» EXERCISE MATERIALS

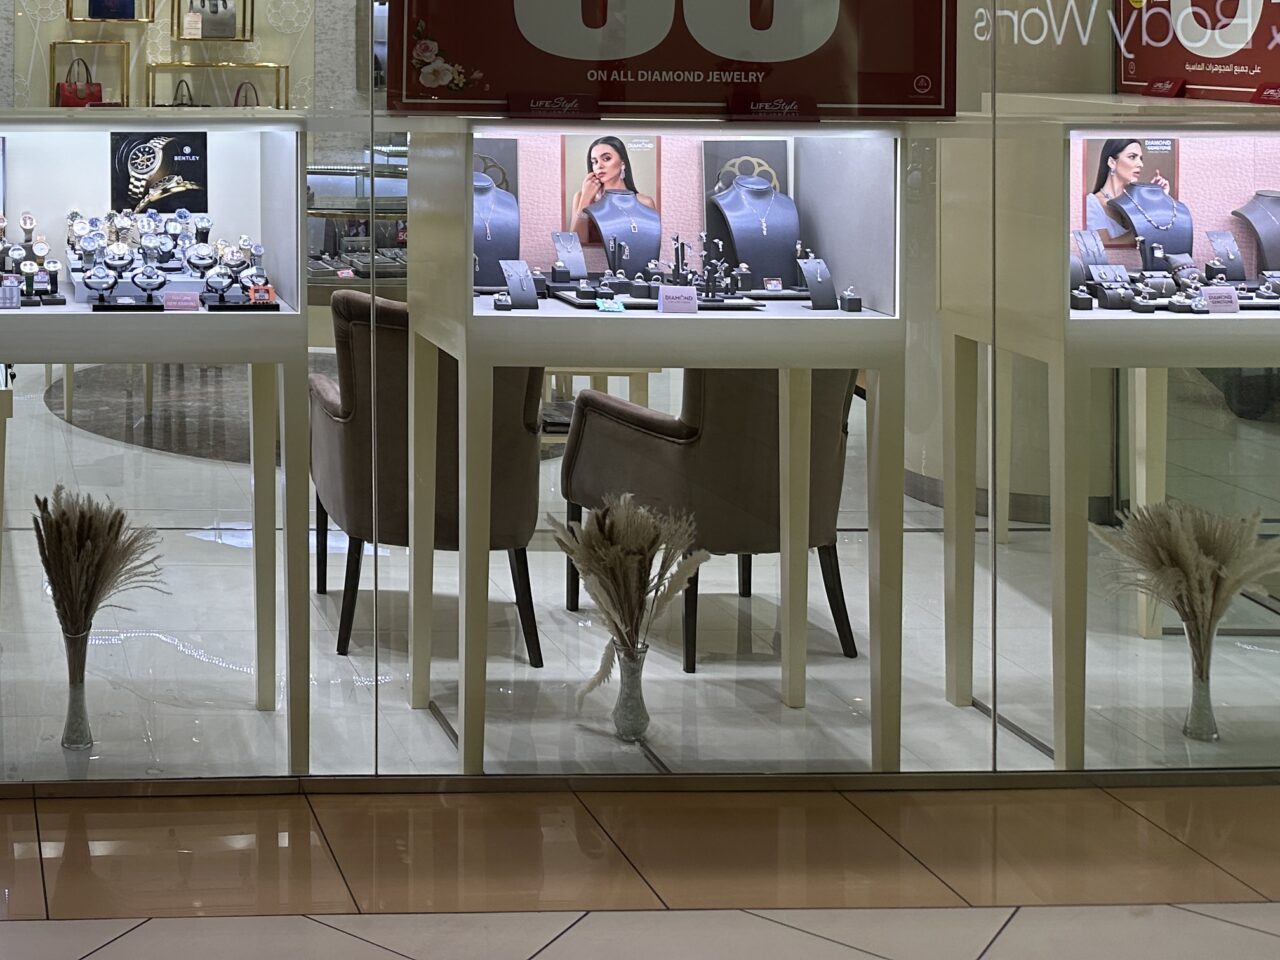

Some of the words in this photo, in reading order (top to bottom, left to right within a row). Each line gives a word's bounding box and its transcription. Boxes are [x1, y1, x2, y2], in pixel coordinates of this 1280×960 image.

[586, 69, 606, 81] ON
[610, 70, 635, 82] ALL
[637, 70, 704, 83] DIAMOND
[706, 71, 765, 83] JEWELRY

» EXERCISE INSTRUCTIONS
Repeat each entry exactly. Pictures do not belong in the copy.

» THE COMPLETED TASK
Some of the words in this photo, in reading order (top to bottom, left to right within a row). Each line gives a word's bounding box and its transcription. Boxes are [x1, y1, x2, y2], in pixel coordinates of this 1280×960 image.

[586, 69, 606, 81] ON
[610, 70, 635, 82] ALL
[637, 70, 704, 83] DIAMOND
[706, 71, 765, 83] JEWELRY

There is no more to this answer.